Material provided START

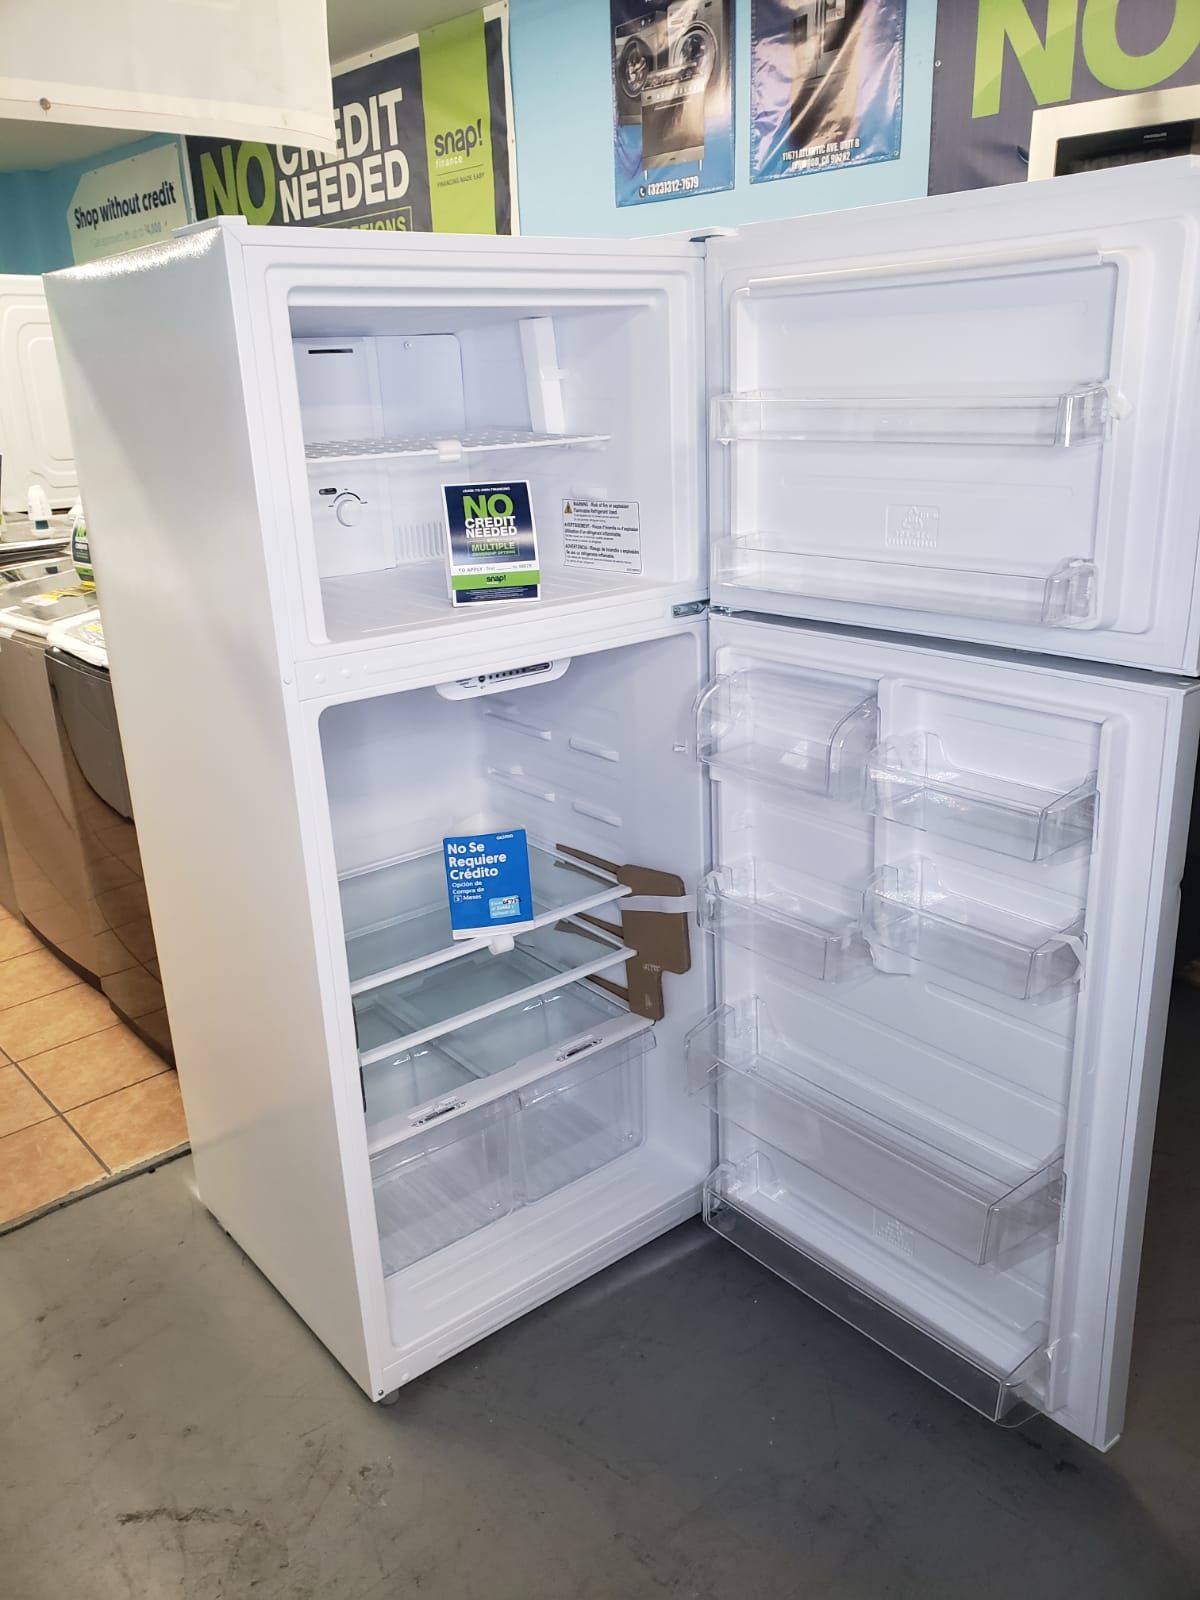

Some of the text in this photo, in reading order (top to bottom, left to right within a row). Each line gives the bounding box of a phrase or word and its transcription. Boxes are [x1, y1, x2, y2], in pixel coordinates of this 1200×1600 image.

[971, 0, 1200, 119] NO
[434, 118, 483, 157] snap!
[200, 140, 276, 225] NO
[279, 149, 410, 223] NEEDED
[74, 180, 177, 230] Shop without credit
[463, 493, 514, 519] NO
[465, 516, 516, 529] CREDIT
[466, 526, 518, 538] NEEDED
[471, 542, 516, 552] MULTIPLE
[486, 574, 507, 583] snap!
[447, 841, 485, 855] No Se
[448, 853, 507, 869] Requiere
[450, 867, 499, 880] Crédito
[452, 881, 473, 889] Opción
[452, 888, 476, 896] Compra
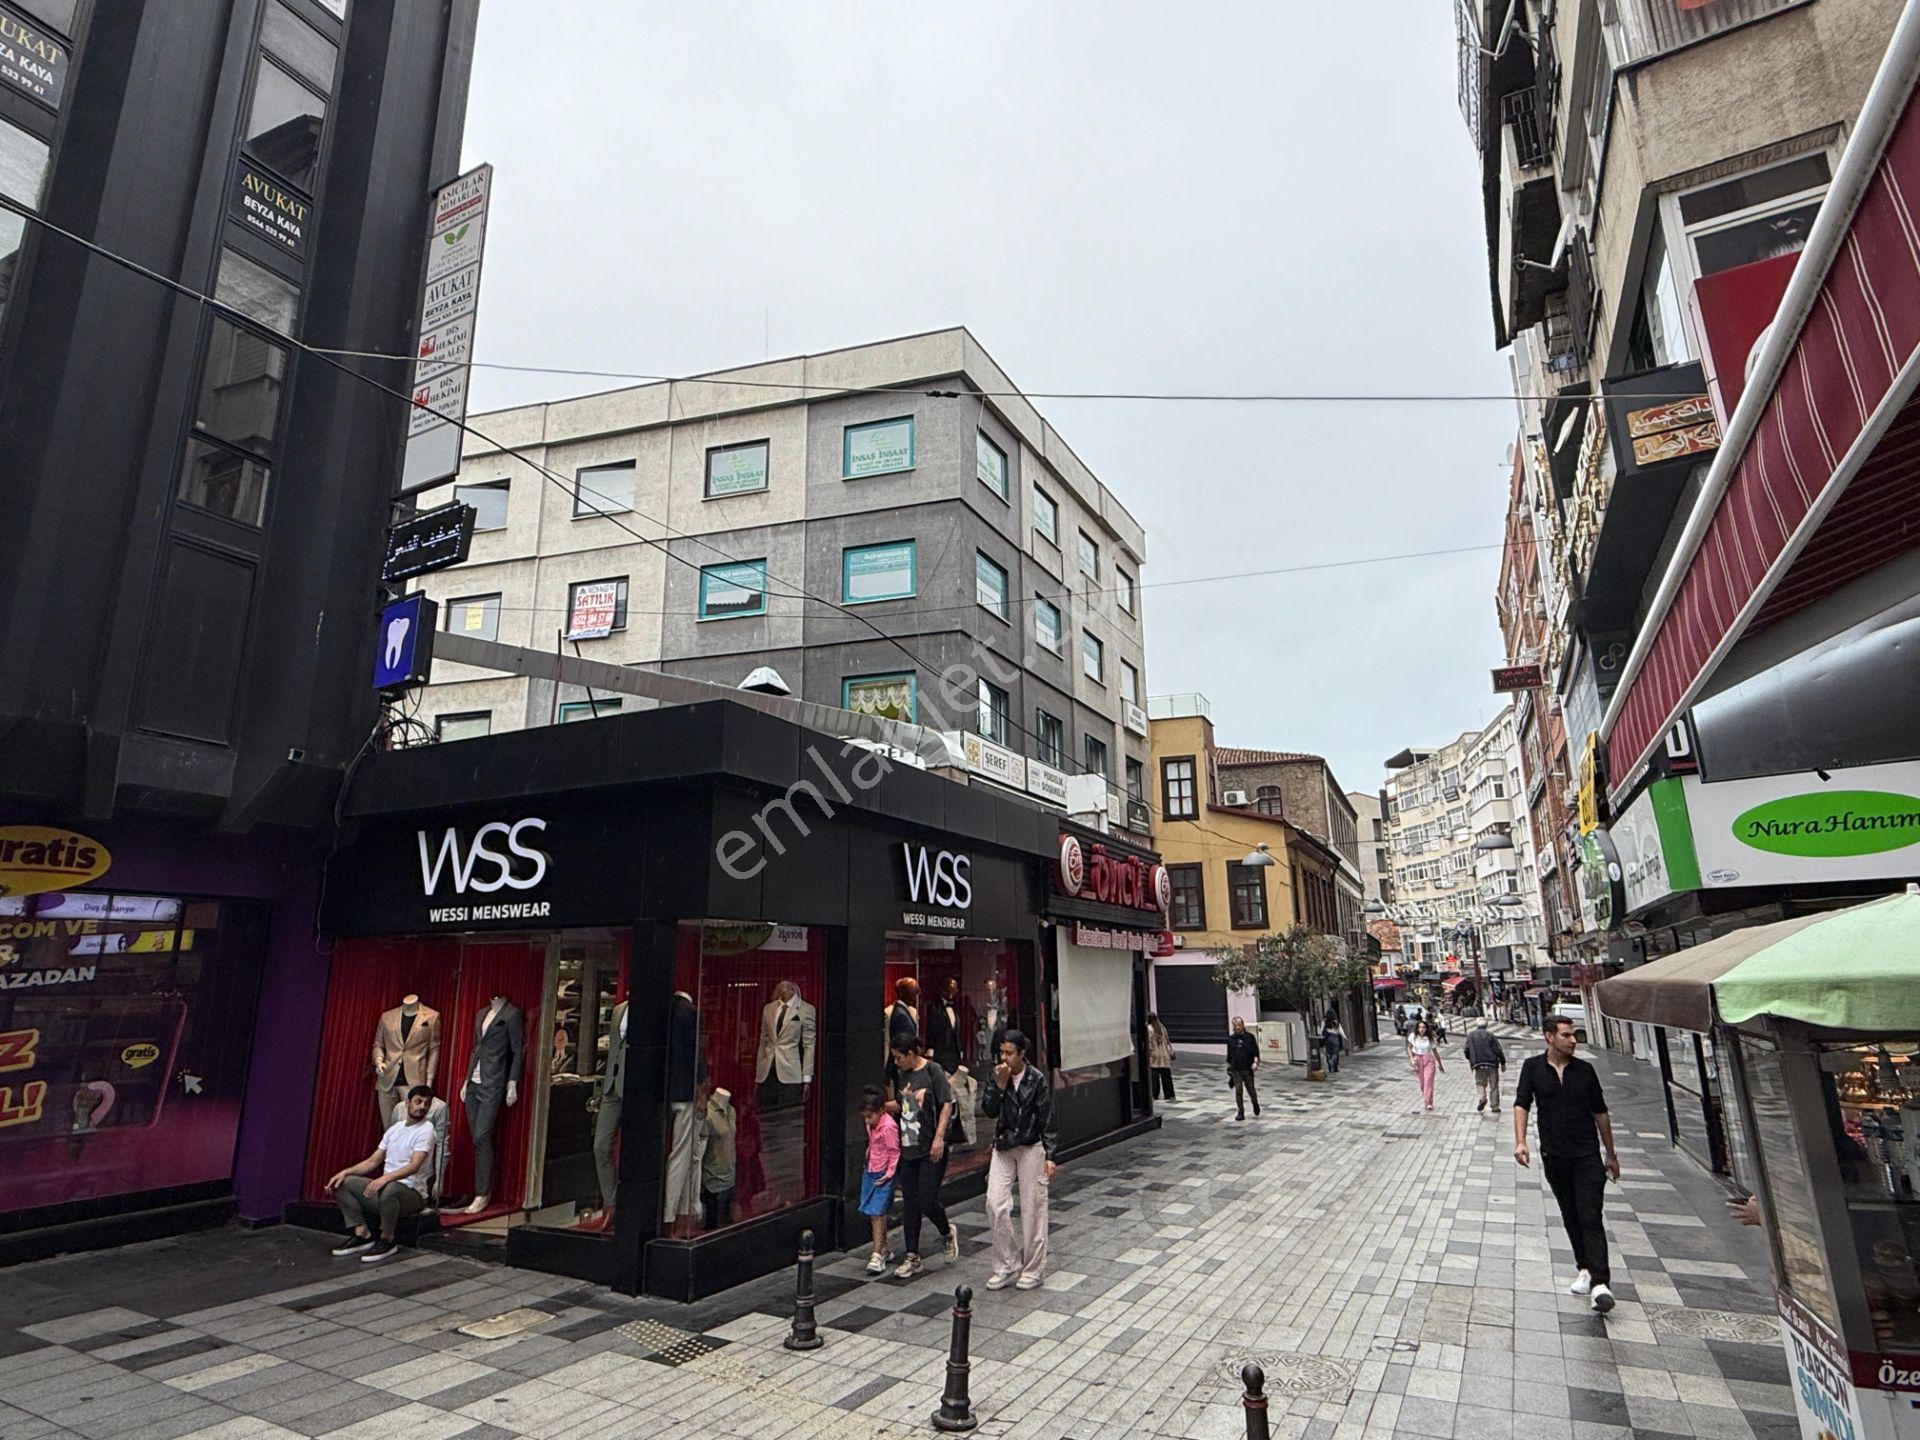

Material provided END

**Your objective**:
All of the preceding material should be output verbatim, with the pictures excluded.

**Answer to the exercise**:
Some of the text in this photo, in reading order (top to bottom, left to right within a row). Each line gives the bounding box of a phrase or word and its transcription. Boxes are [x1, y1, x2, y2], in pixel coordinates of this 1200×1600 image.

[971, 0, 1200, 119] NO
[434, 118, 483, 157] snap!
[200, 140, 276, 225] NO
[279, 149, 410, 223] NEEDED
[74, 180, 177, 230] Shop without credit
[463, 493, 514, 519] NO
[465, 516, 516, 529] CREDIT
[466, 526, 518, 538] NEEDED
[471, 542, 516, 552] MULTIPLE
[486, 574, 507, 583] snap!
[447, 841, 485, 855] No Se
[448, 853, 507, 869] Requiere
[450, 867, 499, 880] Crédito
[452, 881, 473, 889] Opción
[452, 888, 476, 896] Compra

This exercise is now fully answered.